Theoretical study on the synthesis of vinyl acetate from acetylene and acetic acid over nonmetallic catalysts with different carbon-nitrogen ratios

Abstract

At present, the acetylene acetic acid reaction catalysts studied are metal catalysts. Whether there are non-metallic materials that can catalyze the reaction is very worth exploring. In this study, we used density functional theory (DFT) to calculate the feasibility of preparing vinyl acetate (VAc) on four CN non-metallic materials (C2N, C3N, C4N and C5N) under the reaction conditions of 1 atm, 393.15–493.15 K at B3LYP/6-31G(d, p) level. It is found that after considering the reaction temperature, only C2N and C3N show good adsorption capacity for acetylene and acetic acid, and C3N has stronger adsorption capacity for reactants. After that, we calculated and simulated the reaction process of acetylene acetic acid reaction catalyzed by four CN materials.
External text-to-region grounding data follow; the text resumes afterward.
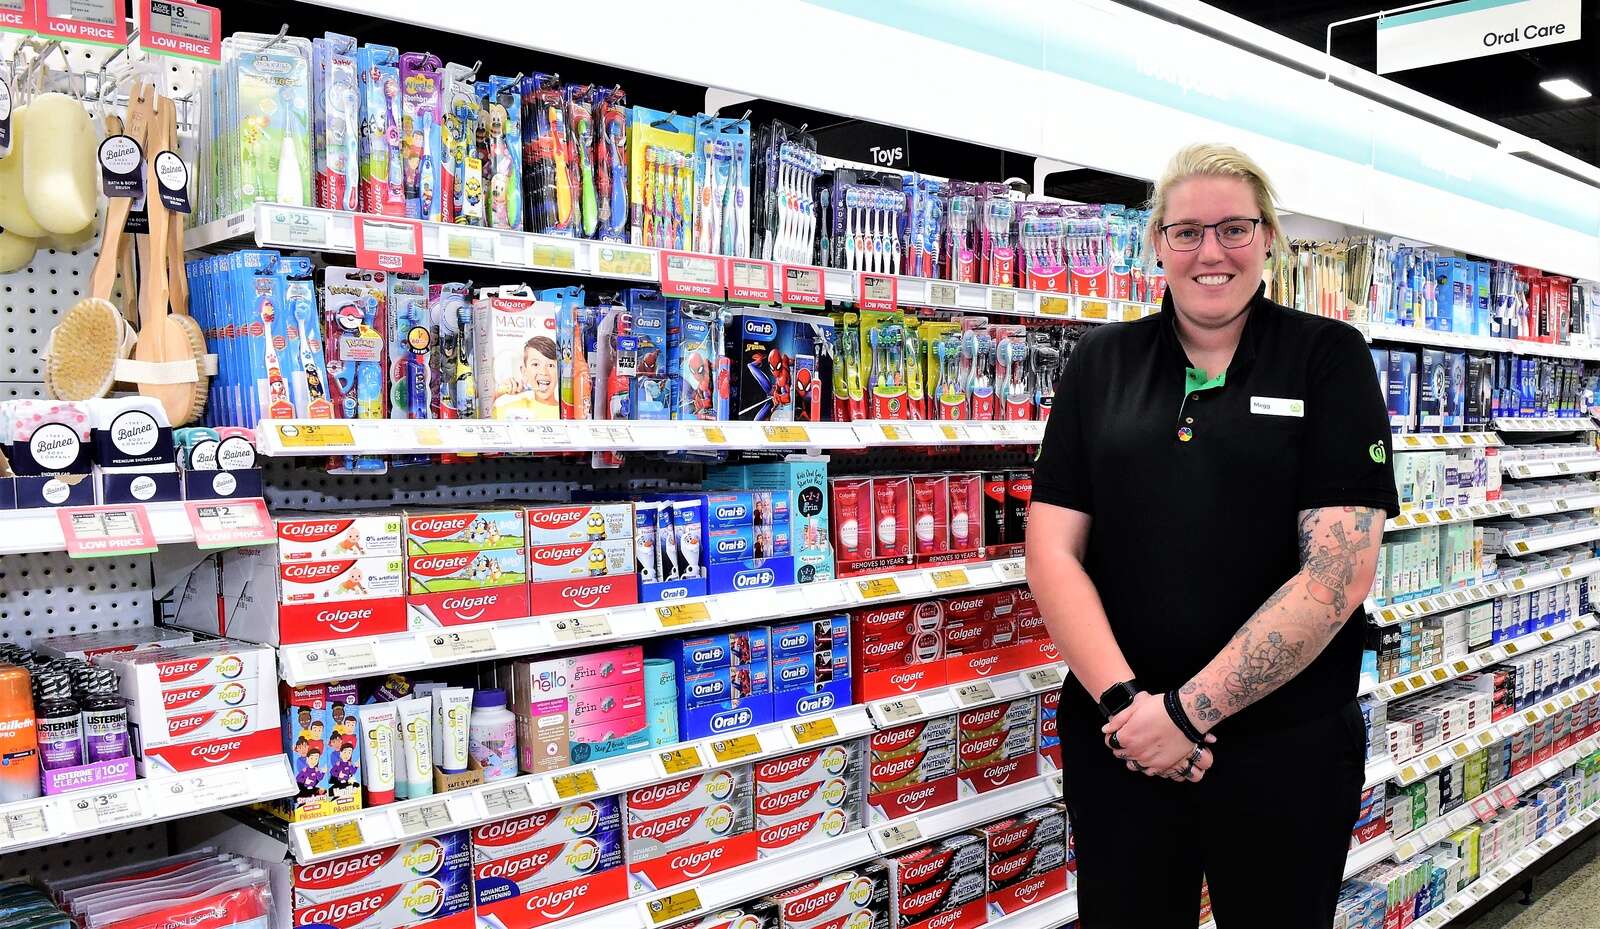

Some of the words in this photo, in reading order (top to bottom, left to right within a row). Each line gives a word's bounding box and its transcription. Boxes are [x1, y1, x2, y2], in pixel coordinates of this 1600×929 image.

[49, 22, 77, 34] LOW
[79, 26, 115, 39] PRICE
[1482, 30, 1520, 48] Oral
[1524, 22, 1566, 41] Care
[151, 36, 177, 48] LOW
[179, 41, 211, 55] PRICE
[105, 147, 136, 160] Balnea
[870, 146, 903, 166] Toys
[675, 285, 691, 293] LOW
[692, 286, 712, 295] PRICE
[734, 290, 749, 298] LOW
[750, 291, 769, 300] PRICE
[493, 300, 527, 309] Colgate
[787, 294, 802, 302] LOW
[803, 295, 820, 304] PRICE
[877, 303, 893, 311] PRICE
[495, 316, 537, 329] MAGIK
[637, 318, 661, 328] Oral-B
[687, 324, 705, 333] Oral-B
[746, 322, 774, 335] Oral-B
[619, 361, 635, 369] WARS
[1253, 401, 1271, 410] Megg
[117, 423, 153, 441] Balnea
[37, 437, 74, 454] Balnea
[222, 449, 251, 460] Balnea
[719, 507, 745, 517] Oral-B
[803, 502, 818, 513] grin
[533, 511, 582, 524] Colgate
[282, 524, 338, 536] Colgate
[411, 519, 466, 532] Colgate
[79, 540, 106, 549] LOW
[109, 537, 144, 548] PRICE
[719, 541, 746, 550] Oral-B
[535, 547, 583, 559] Colgate
[929, 554, 953, 562] REMOVES
[413, 557, 468, 570] Colgate
[852, 561, 878, 569] REMOVES
[285, 565, 340, 577] Colgate
[737, 573, 772, 587] Oral-B
[562, 584, 612, 598] Colgate
[442, 595, 498, 610] Colgate
[949, 599, 984, 611] Colgate
[317, 609, 372, 622] Colgate
[866, 610, 906, 624] Colgate
[948, 626, 982, 640] Colgate
[782, 637, 808, 647] Oral-B
[865, 641, 905, 655] Colgate
[694, 649, 723, 661] Oral-B
[160, 661, 198, 676] lgate
[969, 655, 999, 669] Colgate
[574, 668, 597, 681] grin
[783, 668, 808, 679] Oral-B
[890, 671, 925, 685] Colgate
[328, 684, 356, 694] Toothpaste
[531, 672, 567, 693] hello
[695, 684, 723, 694] Oral-B
[164, 690, 201, 704] lgate
[295, 689, 323, 698] Toothpaste
[800, 697, 833, 711] Oral-B
[1010, 703, 1028, 712] ADVANCED
[575, 705, 597, 717] grin
[962, 708, 1000, 725] Colgate
[1005, 708, 1032, 719] WHITENING
[38, 720, 78, 731] LISTERINE
[168, 717, 203, 731] lgate
[714, 713, 751, 730] Oral-B
[928, 723, 947, 732] ADVANCED
[873, 728, 916, 746] Colgate
[922, 727, 950, 740] WHITENING
[1009, 731, 1027, 740] ADVANCED
[191, 741, 242, 757] Colgate
[961, 737, 999, 754] Colgate
[1005, 737, 1030, 749] WHITENING
[927, 752, 946, 761] ADVANCED
[760, 757, 811, 777] Colgate
[873, 757, 915, 776] Colgate
[921, 757, 950, 771] WHITENING
[984, 761, 1018, 778] Colgate
[53, 769, 93, 780] LISTERINE
[54, 777, 93, 787] CLEANS
[632, 781, 692, 803] Colgate
[897, 787, 934, 805] Colgate
[760, 789, 810, 810] Colgate
[563, 815, 590, 827] Total
[600, 813, 620, 822] ADVANCED
[478, 814, 547, 840] Colgate
[632, 817, 692, 839] Colgate
[761, 821, 810, 843] Colgate
[1038, 822, 1063, 835] WHITENING
[993, 827, 1030, 848] Colgate
[402, 854, 435, 868] Total
[446, 851, 469, 861] ADVANCED
[565, 852, 592, 865] Total
[601, 850, 621, 859] ADVANCED
[671, 847, 724, 869] Colgate
[955, 851, 984, 866] WHITENING
[1036, 850, 1062, 865] WHITENING
[301, 851, 383, 882] Colgate
[445, 857, 469, 868] WHITENING
[480, 853, 548, 879] Colgate
[904, 858, 945, 880] Colgate
[992, 856, 1027, 877] Colgate
[480, 884, 509, 897] ADVANCED
[849, 888, 868, 902] Total
[954, 882, 983, 898] WHITENING
[1014, 880, 1045, 898] Colgate
[402, 895, 435, 908] Total
[446, 891, 469, 902] ADVANCED
[480, 891, 511, 903] WHITENING
[527, 886, 588, 910] Colgate
[902, 888, 943, 910] Colgate
[445, 898, 469, 909] WHITENING
[788, 890, 837, 917] Colgate
[302, 896, 383, 926] Colgate
[928, 910, 962, 929] Colgate
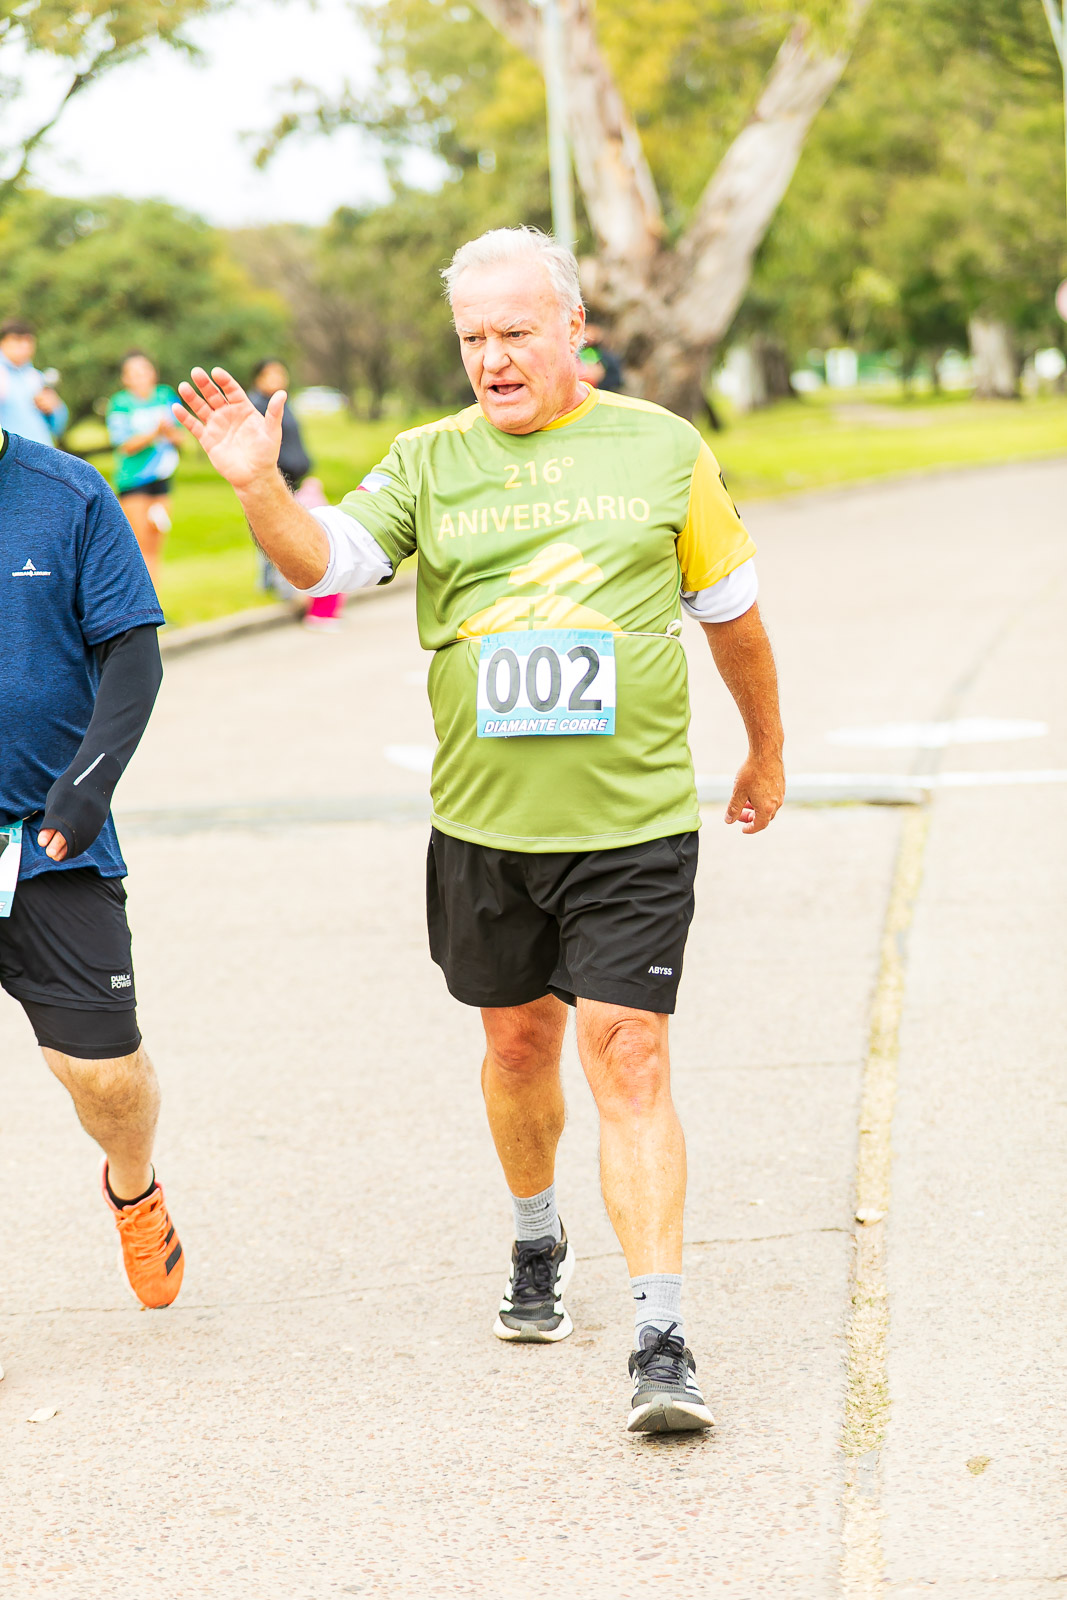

It is found that among the four CN materials, the energy barrier of the reaction rate control step of C3N is the lowest (the free energy barrier of the rate control step is only 30.57 kcal/mol at 393.15 K), and the interior of CN non-metallic materials has higher activity than the boundary of hydrogen sealing. We also found that the reaction process on CN non-metallic material is consistent with the acid catalysis mechanism, which shows that the non-metallic catalyst is theoretically feasible for catalyzing the acetic acid acidification of acetylene, and the two-dimensional C3N material is likely to be a potential non-metallic catalyst for the preparation of vinyl acetate by acetylene gas phase method.